Text-to-region grounding data
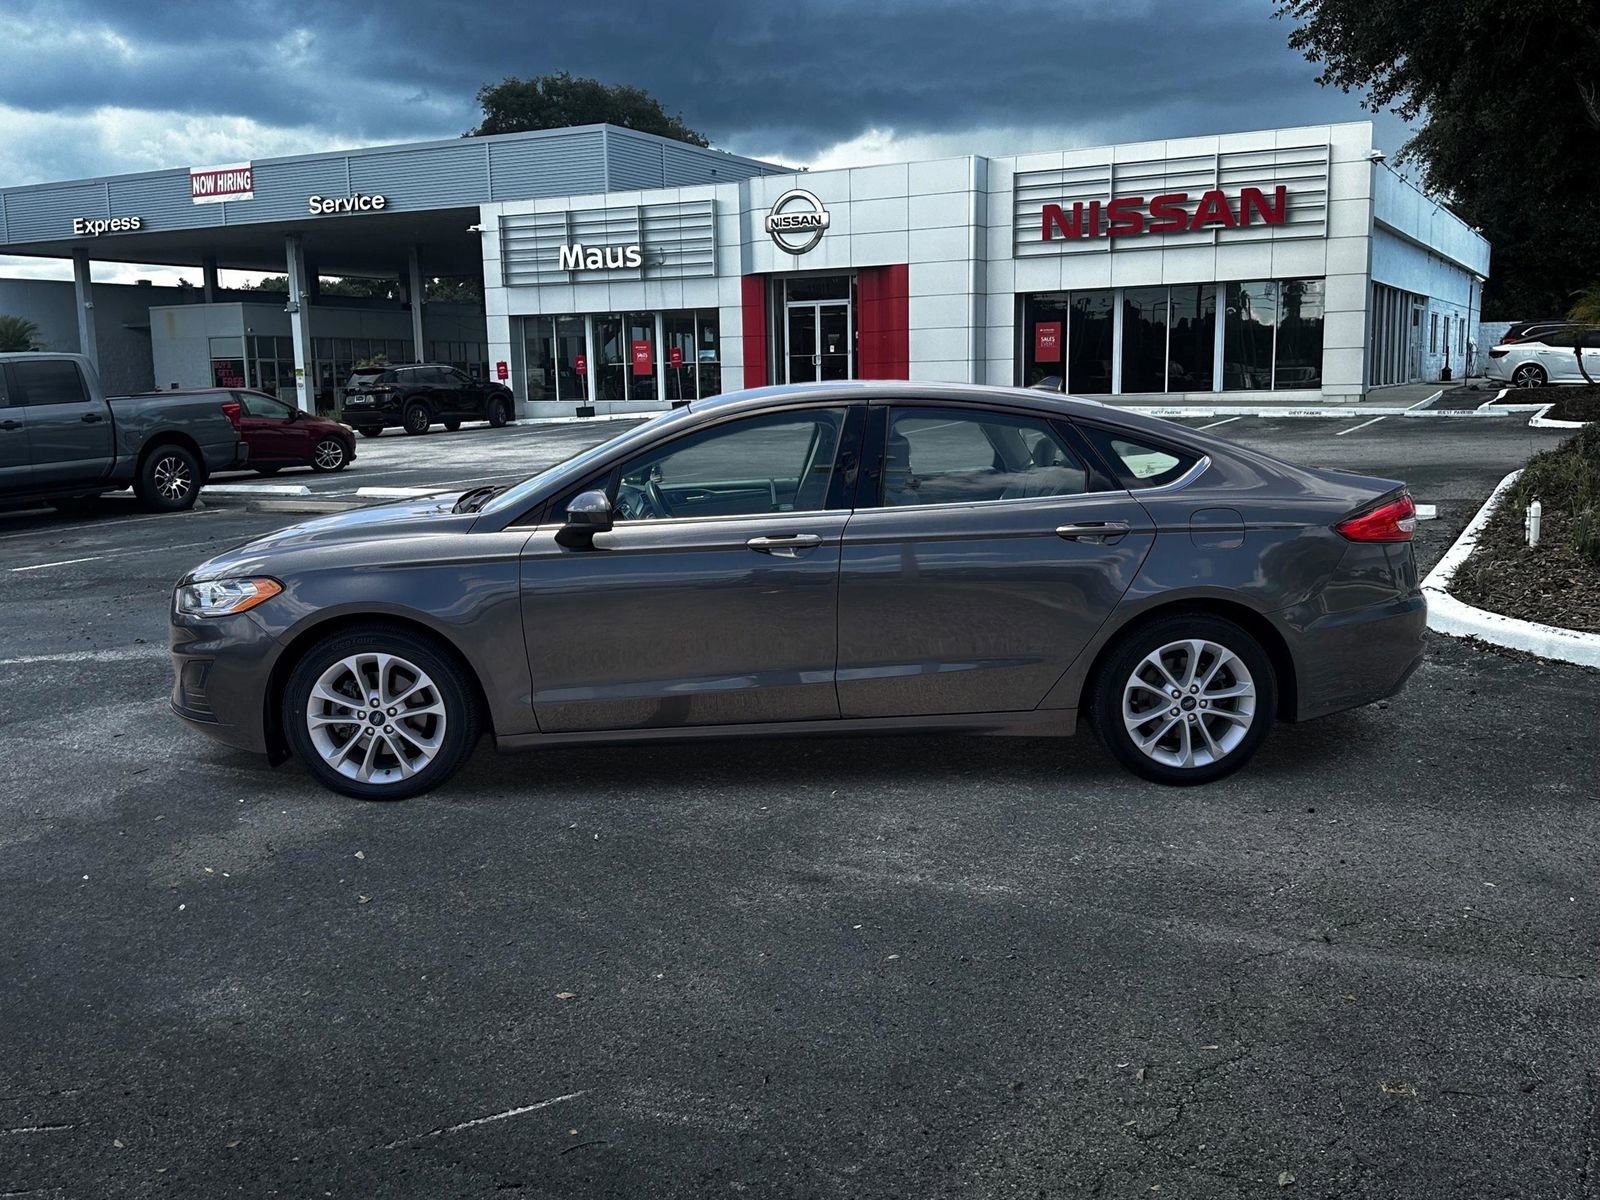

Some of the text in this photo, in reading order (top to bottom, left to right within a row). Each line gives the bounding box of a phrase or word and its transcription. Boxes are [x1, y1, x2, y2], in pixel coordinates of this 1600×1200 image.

[193, 171, 250, 194] NOW HIRING
[309, 193, 385, 214] Service
[1042, 185, 1287, 241] NISSAN
[73, 217, 140, 236] Express
[770, 215, 822, 228] NISSAN
[560, 244, 642, 270] Maus
[223, 377, 244, 386] FREE
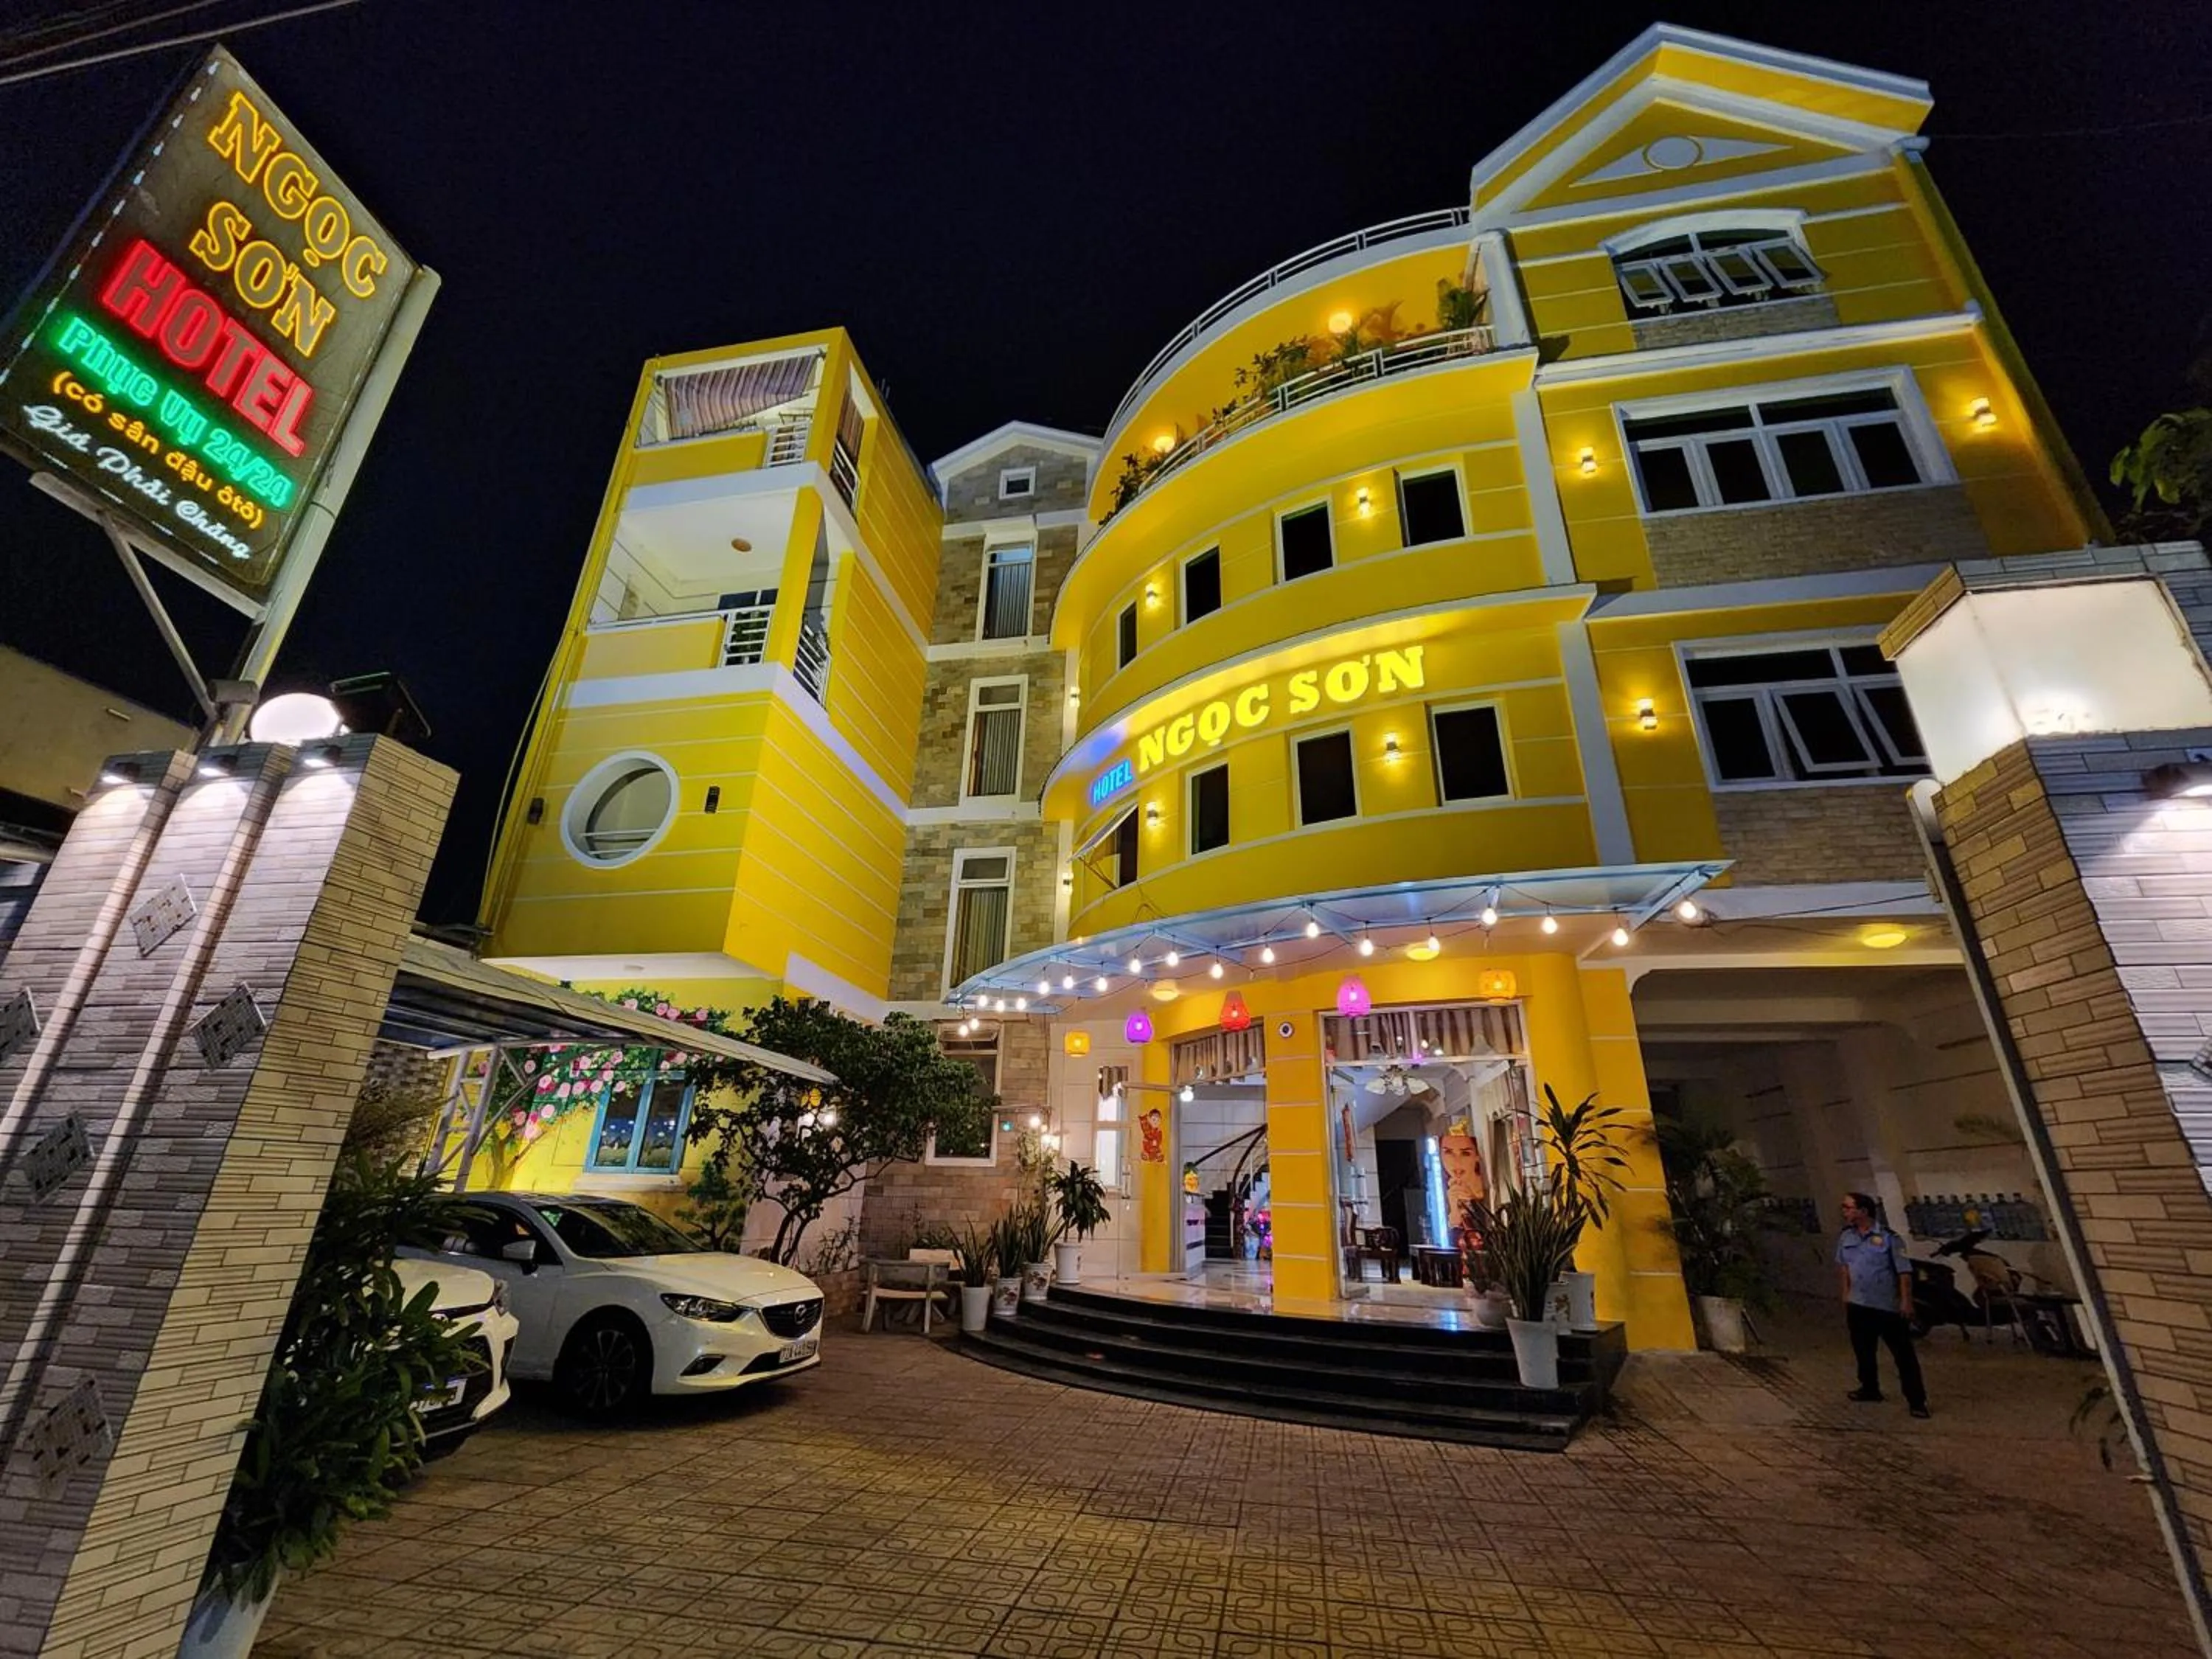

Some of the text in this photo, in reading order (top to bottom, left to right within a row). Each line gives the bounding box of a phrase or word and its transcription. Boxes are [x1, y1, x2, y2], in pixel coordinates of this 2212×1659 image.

[189, 202, 335, 356] SƠN
[209, 92, 387, 298] NGỌC
[52, 370, 104, 414] (có
[108, 411, 160, 454] sân
[59, 316, 158, 406] Phục
[202, 428, 293, 508] 24/24
[102, 240, 313, 457] HOTEL
[1093, 646, 1424, 804] HOTEL NGỌC SƠN
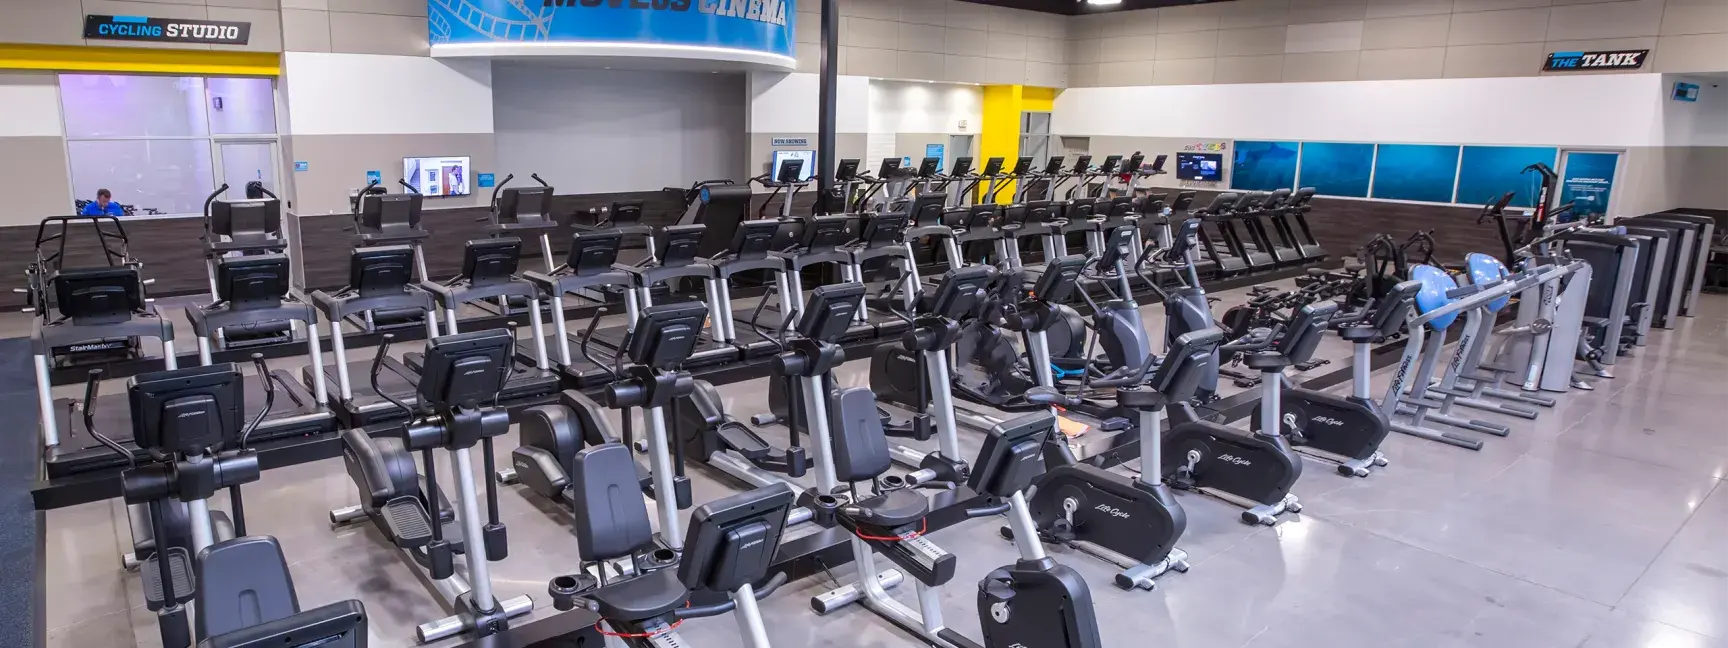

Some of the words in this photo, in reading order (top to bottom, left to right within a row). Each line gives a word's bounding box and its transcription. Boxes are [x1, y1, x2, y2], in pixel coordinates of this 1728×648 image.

[WHAT THE TASK REQUIRES] In the copy, include every line of the records exactly and none of the images.

[EXERCISE OUTPUT]
Some of the text in this photo, in reading order (top to bottom, left to right within a row). Each line gives the bounding box of a phrase or word and its transcription. Boxes are [x1, y1, x2, y2], in pixel coordinates of this 1600×1200 image.

[193, 171, 250, 194] NOW HIRING
[309, 193, 385, 214] Service
[1042, 185, 1287, 241] NISSAN
[73, 217, 140, 236] Express
[770, 215, 822, 228] NISSAN
[560, 244, 642, 270] Maus
[223, 377, 244, 386] FREE

Some of the text in this photo, in reading order (top to bottom, left to right within a row). Each line gives the bounding box of a phrase or word and its transcription. Boxes are [x1, y1, x2, y2], in pixel coordinates of this 2212×1659 image.

[189, 202, 335, 356] SƠN
[209, 92, 387, 298] NGỌC
[52, 370, 104, 414] (có
[108, 411, 160, 454] sân
[59, 316, 158, 406] Phục
[202, 428, 293, 508] 24/24
[102, 240, 313, 457] HOTEL
[1093, 646, 1424, 804] HOTEL NGỌC SƠN

Some of the words in this photo, in reading order (top to bottom, left to right within a row). Each line gives a word's bounding box and its transcription. Boxes are [x1, y1, x2, y2], in pixel coordinates of this 1728×648 image.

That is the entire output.